On Friday March 30th Jack McConnell chose the College of Life Sciences at Dundee as the venue to spell out the Labour party's manifesto for science over the next five years, should they form the government after the Scottish Elections on May 3rd. A key announcement in his speech was a pledge to set up a National Institute for Life Sciences in Scotland and a further pledge that it would be set up in Dundee.

Jack McConnell said that he 'had been convinced of the need for the Centre by Philip Cohen (Dean of Life Sciences Research in the College of Life Sciences at Dundee and Director of the MRC Protein Phosphorylation Unit). The First Minster also said 'it is wrong that there are three Institutes for Life Sciences in the South of England (the MRC Laboratory for Molecular Biology at Cambridge, the National Institute for Medical Research, and the Clinical Sciences Centre in London) but none in Scotland. I believe it is important we commit to that for the next term of the parliament and the right choice for the creation of the Centre is Dundee'. He added that 'it would be properly funded on a National basis'.

Prior to the First Minister's announcement Philip Cohen had outlined the vision for the Scottish Institute for Life Sciences (SCILS) and the reasons why it should be set up at Dundee. He said that he 'personally believed that it would attract a more world-class, entrepreneurial scientists to Scotland' and that 'SCILS would benefit from synergy with the exceptional Biomedical Science environment at the University of Dundee and so bring Life Sciences to a new level'.

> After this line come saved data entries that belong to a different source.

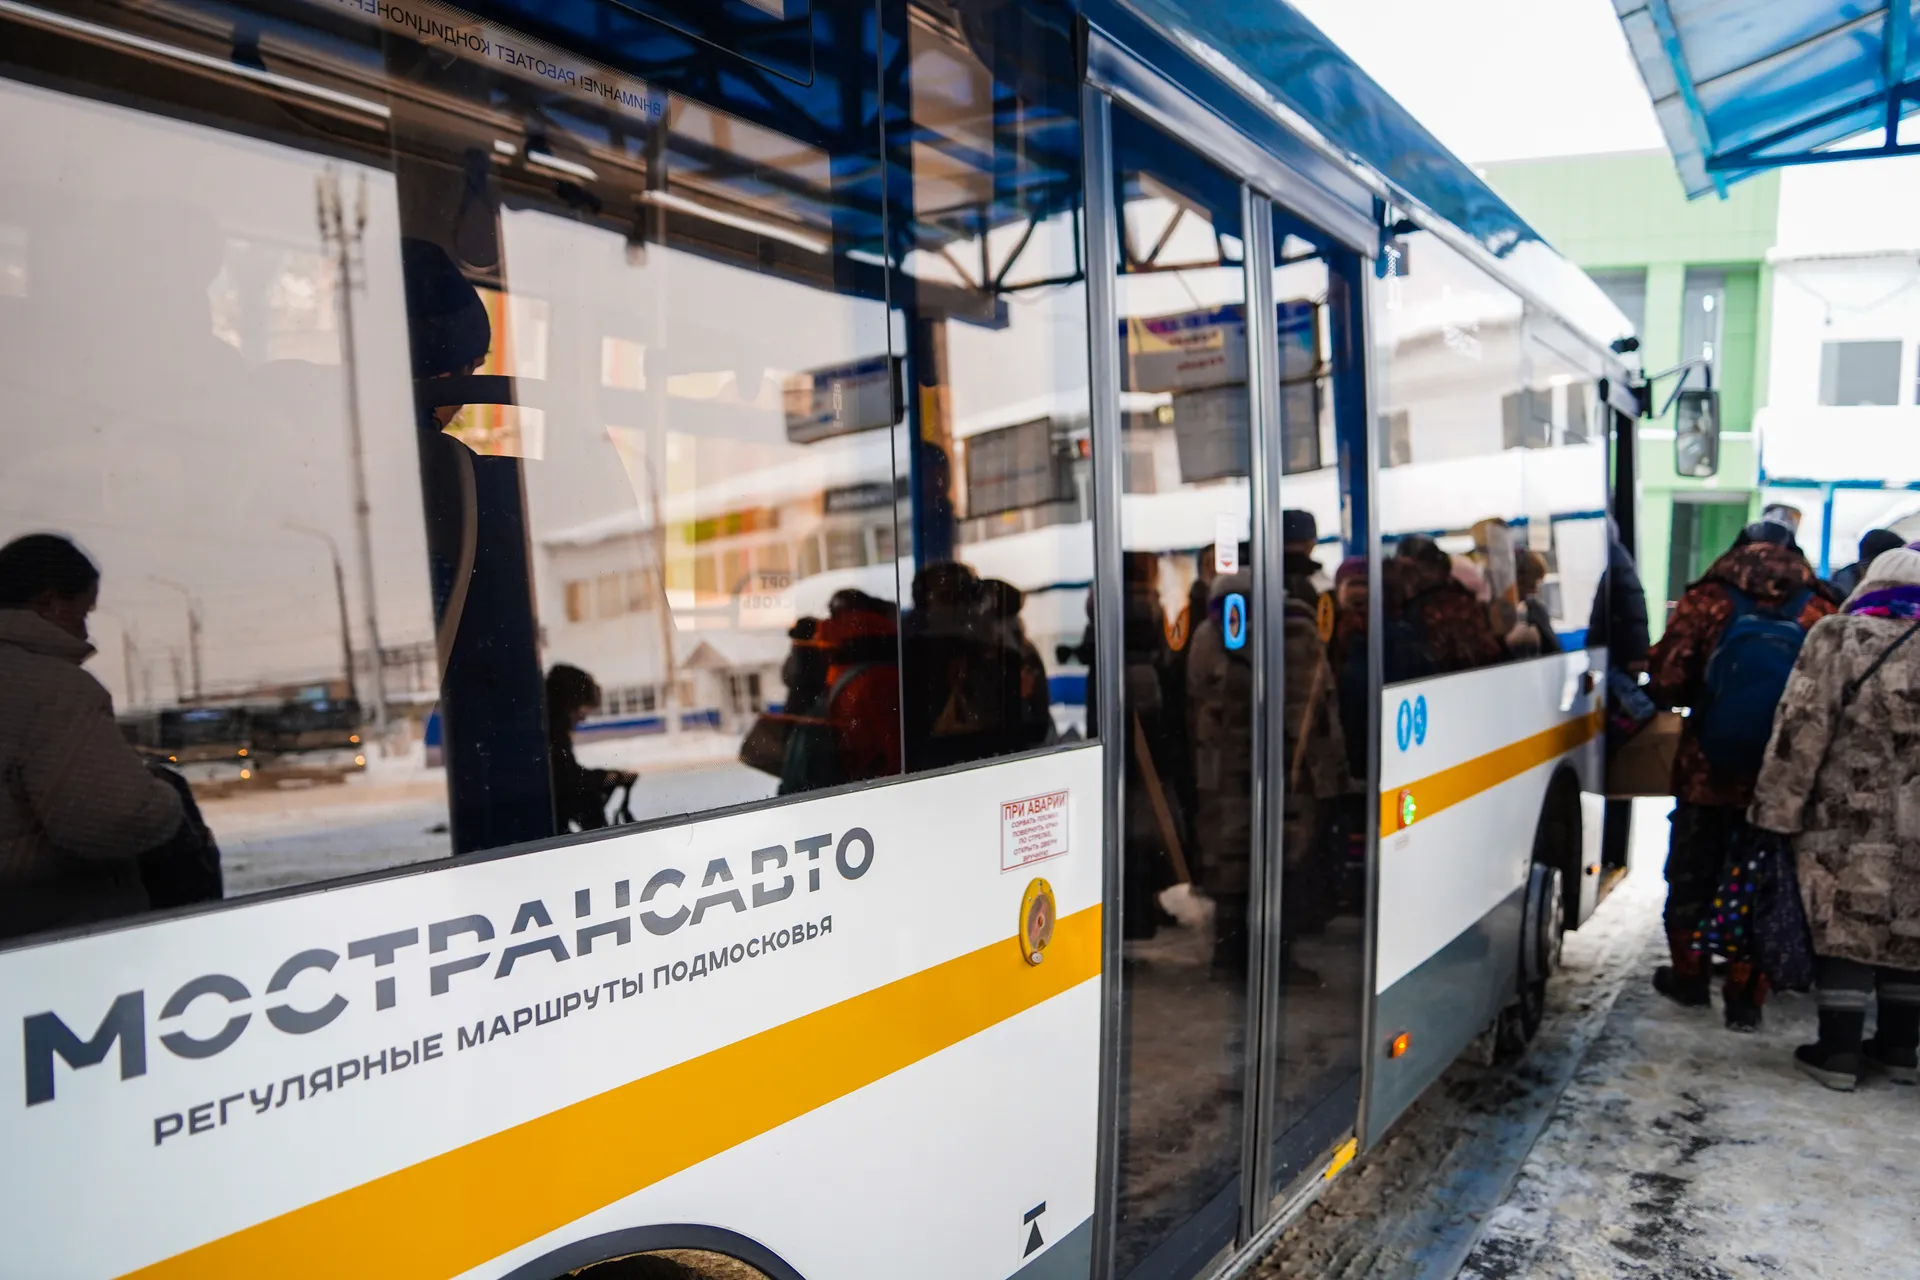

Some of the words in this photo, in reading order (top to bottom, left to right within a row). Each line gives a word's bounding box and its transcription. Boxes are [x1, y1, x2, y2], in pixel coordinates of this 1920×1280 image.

[1005, 803, 1025, 820] ПРИ
[1027, 794, 1065, 815] АВАРИИ
[23, 826, 875, 1107] МОСТРАНСАВТО
[153, 1032, 444, 1147] РЕГУЛЯРНЫЕ
[457, 972, 644, 1051] МАРШРУТЫ
[653, 914, 833, 990] ПОДМОСКОВЬЯ
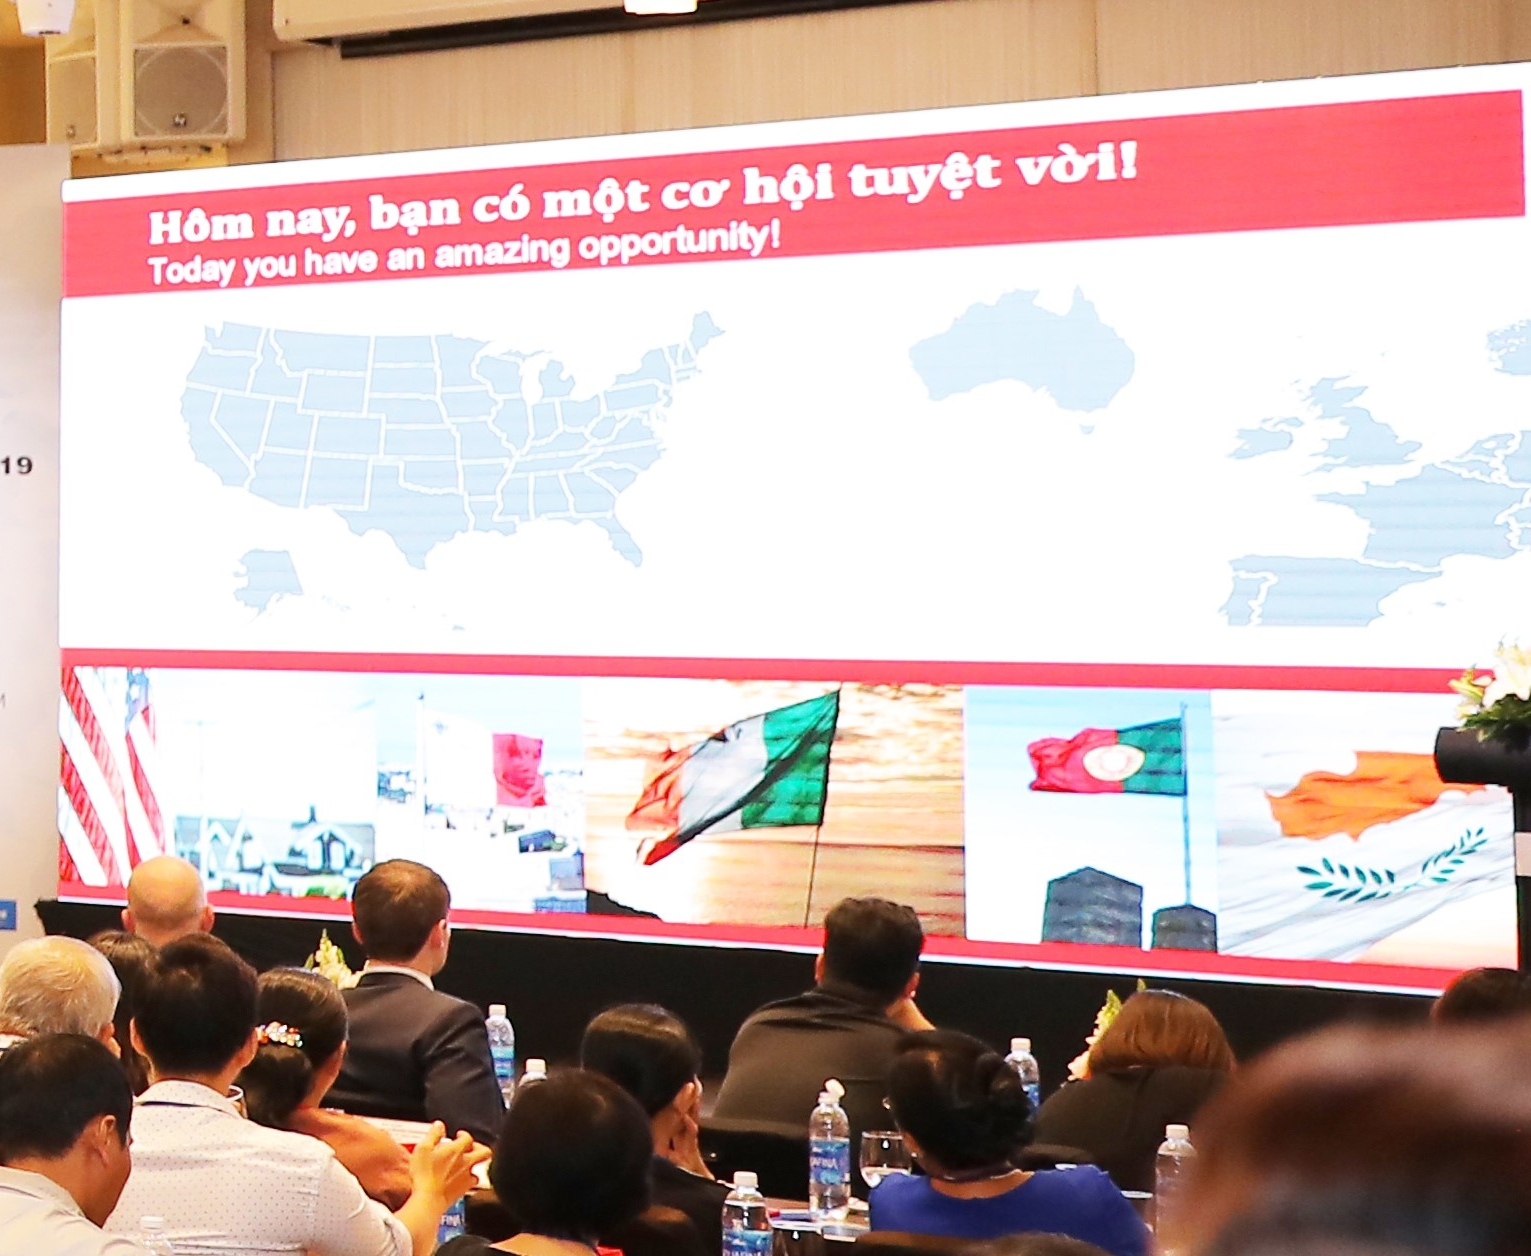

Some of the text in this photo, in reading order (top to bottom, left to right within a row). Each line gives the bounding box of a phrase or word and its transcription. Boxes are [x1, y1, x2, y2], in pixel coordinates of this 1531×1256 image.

[148, 140, 1139, 245] Hôm nay, bạn có một cơ hội tuyệt vời!
[148, 218, 782, 288] Today you have an amazing opportunity!

Summing up, Peter Downes the Head of the College of Life Sciences at Dundee, thanked the First Minister for visiting the College of Life Sciences to make this exciting announcement. He said that he hoped that every political party would be equally enthusiastic about the concept of SCILS.

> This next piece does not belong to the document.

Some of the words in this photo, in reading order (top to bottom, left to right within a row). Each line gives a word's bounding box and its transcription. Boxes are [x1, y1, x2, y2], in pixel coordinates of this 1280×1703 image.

The First Minister's announcement is the culmination of many discussions about SCILS that Philip Cohen, Peter Downes and Michael Ferguson have had with senior politicians from all the major political parties over the past three years and with the Scottish Scientific Advisory Committee, whose former Chairman Wilson Sibbett became a strong advocate of the initiative.

The outcome of the May elections is awaited with great interest!